More people die from lung cancer than colon, breast and prostate cancers combined. Health experts recommend a yearly low-dose CT scan of the chest for patients who are at high-risk of the disease, but this potentially life-saving prescription has been slow to take hold.
In the fall of 2018, Lisa Barbaro developed a deep cough. An x-ray showed no sign of anything serious, still, her pulmonologist was concerned because Barbaro was a long-time smoker.
“Every doctor says you need to quit smoking,” Barbaro said. “I had smoked for 50 years but I wasn’t quitting smoking.”
She agreed to undergo a screening to get a more detailed view of her lungs, where they found small nodules on her lungs.

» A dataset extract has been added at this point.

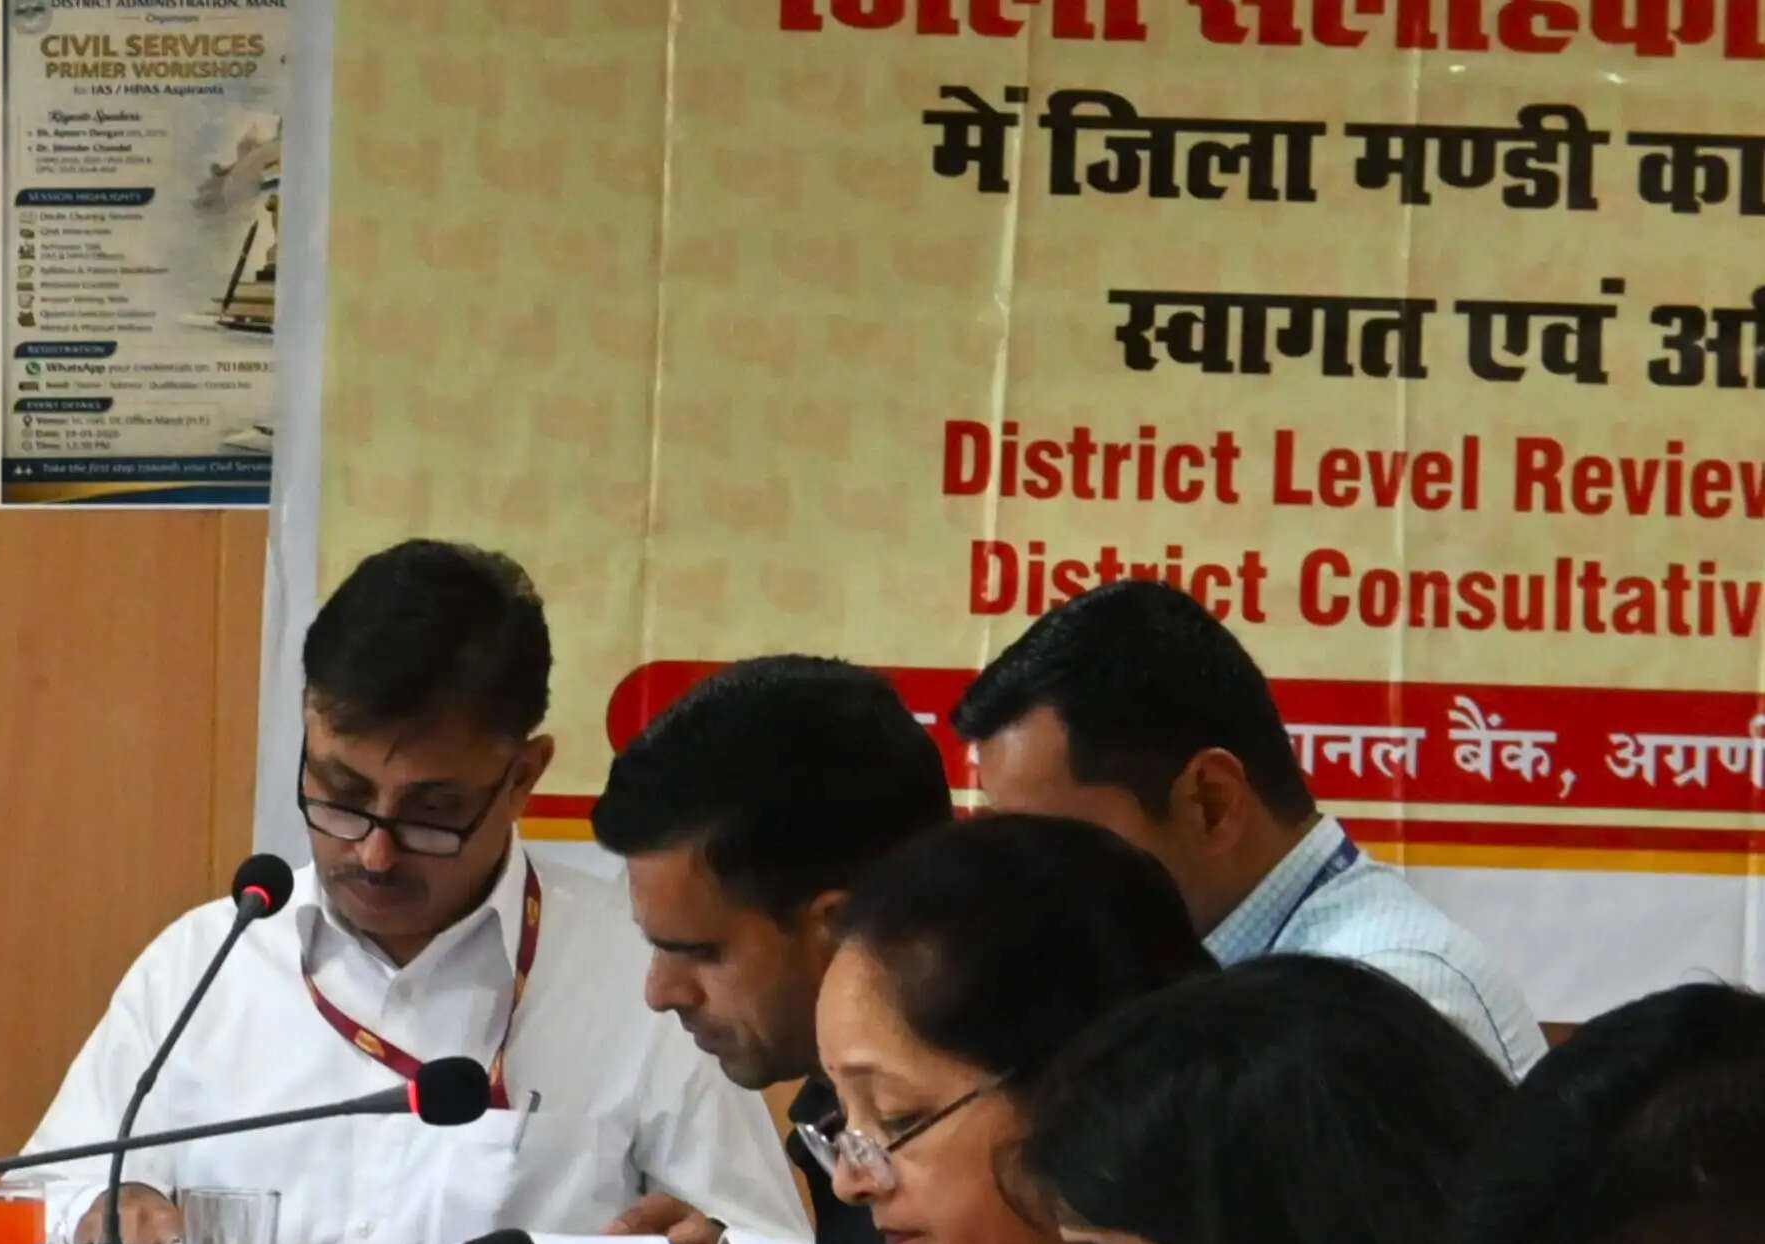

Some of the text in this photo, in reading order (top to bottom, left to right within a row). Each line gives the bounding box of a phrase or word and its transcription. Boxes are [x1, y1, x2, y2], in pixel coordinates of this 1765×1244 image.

Barbaro had early-stage lung cancer.
“They were tiny, like just the end of a ballpoint pen,” said Dr. Claudia Henschke. “But we saw them change in size and therefore she was then recommended to have surgery.”
The lungs have few pain receptors, so lung cancer is often missed until it’s late stage. That’s why screening can be so important.
The U.S, Preventive Services task force recommends people who are over 50 and smoke a pack a day to get screened.
Fewer than 10% of all smokers who are eligible for the CT lung screening actually get the test.
“We need to reach out to those, to smokers and former smokers, because we can really save their lives,” Henschke said.
The CT scans for patients at higher risk for lung cancer are covered by private insurance, as well as Medicaid and Medicare. Because the scan also includes other organs in the chest and abdomen, Barbaro’s doctors detected a separate, early-stage breast cancer that her mammogram missed. She has also had successful treatment for that cancer.